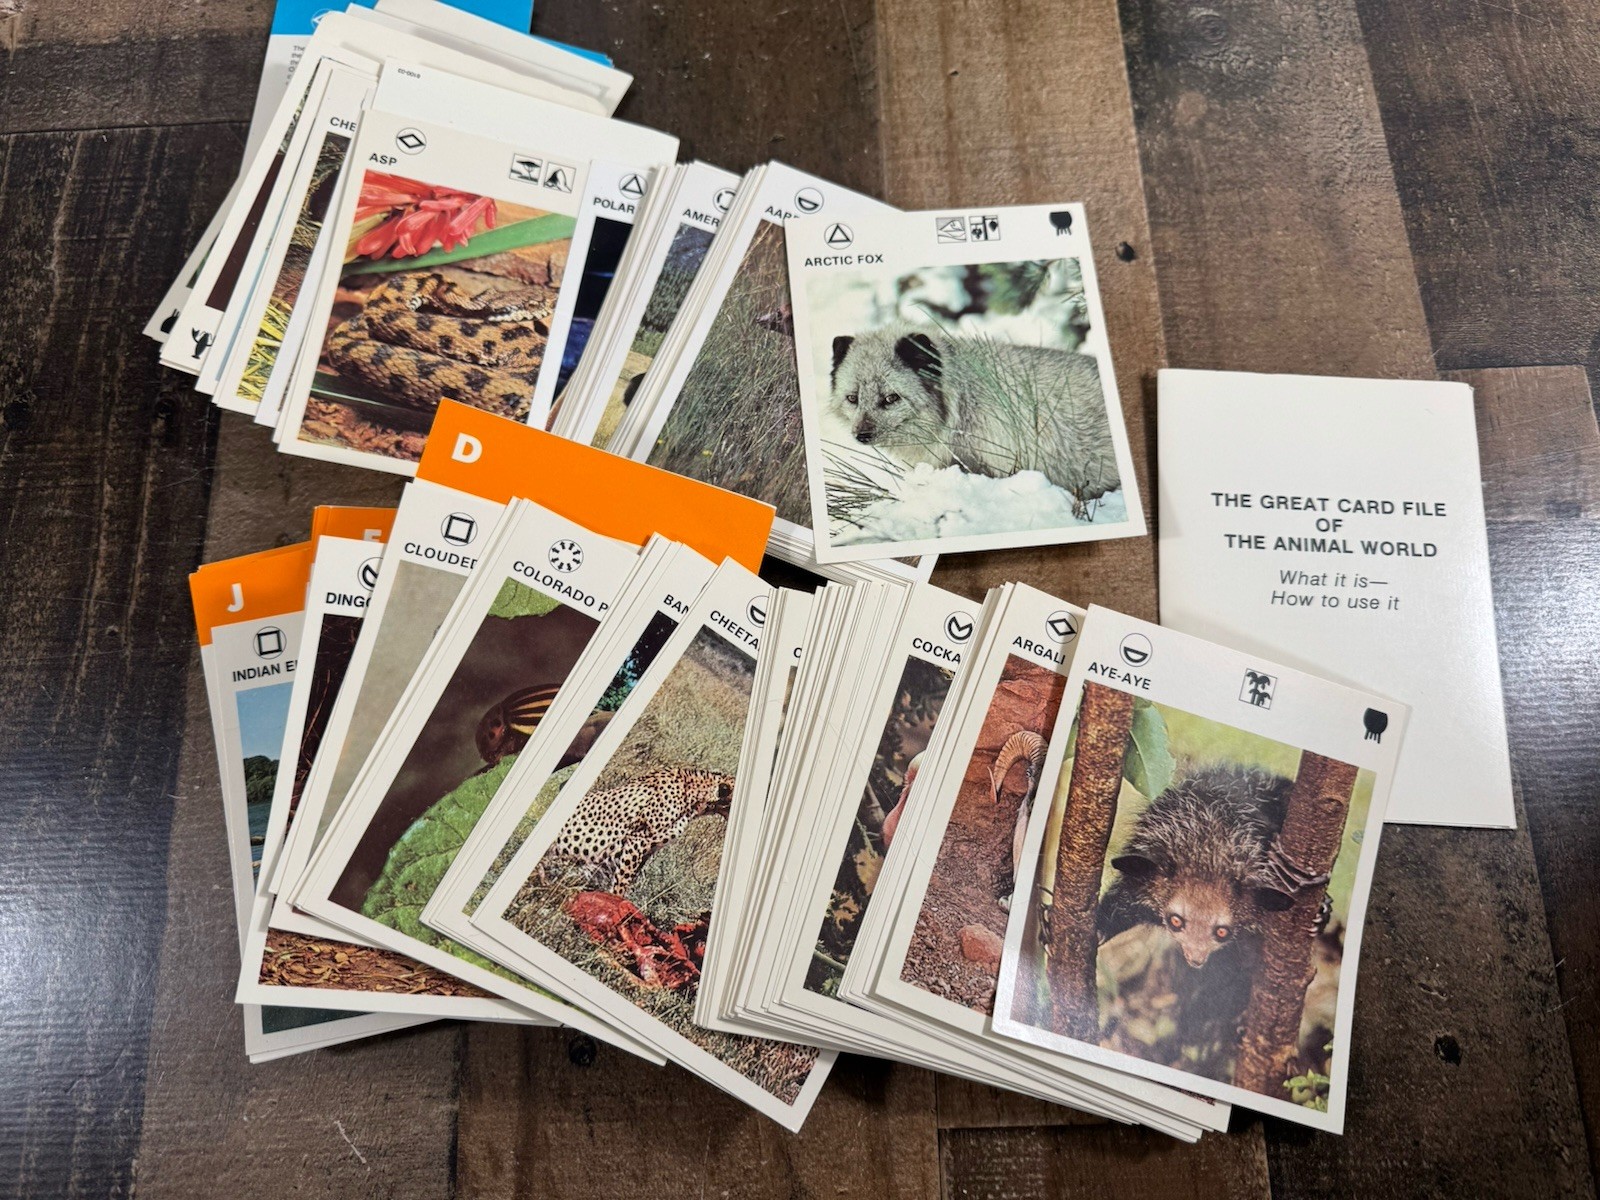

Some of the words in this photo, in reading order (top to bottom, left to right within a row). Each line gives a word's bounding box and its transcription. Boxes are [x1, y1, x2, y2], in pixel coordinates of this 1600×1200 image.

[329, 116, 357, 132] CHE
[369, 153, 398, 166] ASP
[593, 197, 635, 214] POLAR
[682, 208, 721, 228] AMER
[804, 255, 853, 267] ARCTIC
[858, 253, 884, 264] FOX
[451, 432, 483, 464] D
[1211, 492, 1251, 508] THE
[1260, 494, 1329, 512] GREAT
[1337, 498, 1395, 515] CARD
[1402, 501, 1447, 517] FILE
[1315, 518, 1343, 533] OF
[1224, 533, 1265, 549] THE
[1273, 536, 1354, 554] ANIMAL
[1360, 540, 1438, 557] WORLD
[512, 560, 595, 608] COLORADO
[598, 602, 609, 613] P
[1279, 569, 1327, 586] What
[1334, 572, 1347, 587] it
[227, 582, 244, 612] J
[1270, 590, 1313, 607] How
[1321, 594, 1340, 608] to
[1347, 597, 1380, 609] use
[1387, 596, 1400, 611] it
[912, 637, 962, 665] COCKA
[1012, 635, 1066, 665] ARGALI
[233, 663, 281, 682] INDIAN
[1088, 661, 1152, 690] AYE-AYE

▶ _What is needed_
With no pictures included, write out the entries exactly.

▶ _Result of this task_
Some of the words in this photo, in reading order (top to bottom, left to right within a row). Each line gives a word's bounding box and its transcription. Boxes are [x1, y1, x2, y2], in pixel coordinates of this 1600×1200 image.

[329, 116, 357, 132] CHE
[369, 153, 398, 166] ASP
[593, 197, 635, 214] POLAR
[682, 208, 721, 228] AMER
[804, 255, 853, 267] ARCTIC
[858, 253, 884, 264] FOX
[451, 432, 483, 464] D
[1211, 492, 1251, 508] THE
[1260, 494, 1329, 512] GREAT
[1337, 498, 1395, 515] CARD
[1402, 501, 1447, 517] FILE
[1315, 518, 1343, 533] OF
[1224, 533, 1265, 549] THE
[1273, 536, 1354, 554] ANIMAL
[1360, 540, 1438, 557] WORLD
[512, 560, 595, 608] COLORADO
[598, 602, 609, 613] P
[1279, 569, 1327, 586] What
[1334, 572, 1347, 587] it
[227, 582, 244, 612] J
[1270, 590, 1313, 607] How
[1321, 594, 1340, 608] to
[1347, 597, 1380, 609] use
[1387, 596, 1400, 611] it
[912, 637, 962, 665] COCKA
[1012, 635, 1066, 665] ARGALI
[233, 663, 281, 682] INDIAN
[1088, 661, 1152, 690] AYE-AYE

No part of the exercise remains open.